[Dataset items]
-*-

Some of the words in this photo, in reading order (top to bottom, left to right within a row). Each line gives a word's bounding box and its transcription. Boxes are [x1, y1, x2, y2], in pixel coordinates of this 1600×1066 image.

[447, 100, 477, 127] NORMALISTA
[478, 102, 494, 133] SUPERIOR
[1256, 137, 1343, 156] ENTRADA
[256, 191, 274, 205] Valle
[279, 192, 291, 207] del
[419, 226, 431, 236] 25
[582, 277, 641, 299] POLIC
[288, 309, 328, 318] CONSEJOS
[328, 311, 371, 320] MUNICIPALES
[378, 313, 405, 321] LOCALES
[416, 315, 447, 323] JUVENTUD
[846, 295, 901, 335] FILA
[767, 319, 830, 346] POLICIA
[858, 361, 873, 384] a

-*-

- Exercise description
Repeat the data precisely, reproducing every entry.

- Exercise solution
Some of the words in this photo, in reading order (top to bottom, left to right within a row). Each line gives a word's bounding box and its transcription. Boxes are [x1, y1, x2, y2], in pixel coordinates of this 1600×1066 image.

[447, 100, 477, 127] NORMALISTA
[478, 102, 494, 133] SUPERIOR
[1256, 137, 1343, 156] ENTRADA
[256, 191, 274, 205] Valle
[279, 192, 291, 207] del
[419, 226, 431, 236] 25
[582, 277, 641, 299] POLIC
[288, 309, 328, 318] CONSEJOS
[328, 311, 371, 320] MUNICIPALES
[378, 313, 405, 321] LOCALES
[416, 315, 447, 323] JUVENTUD
[846, 295, 901, 335] FILA
[767, 319, 830, 346] POLICIA
[858, 361, 873, 384] a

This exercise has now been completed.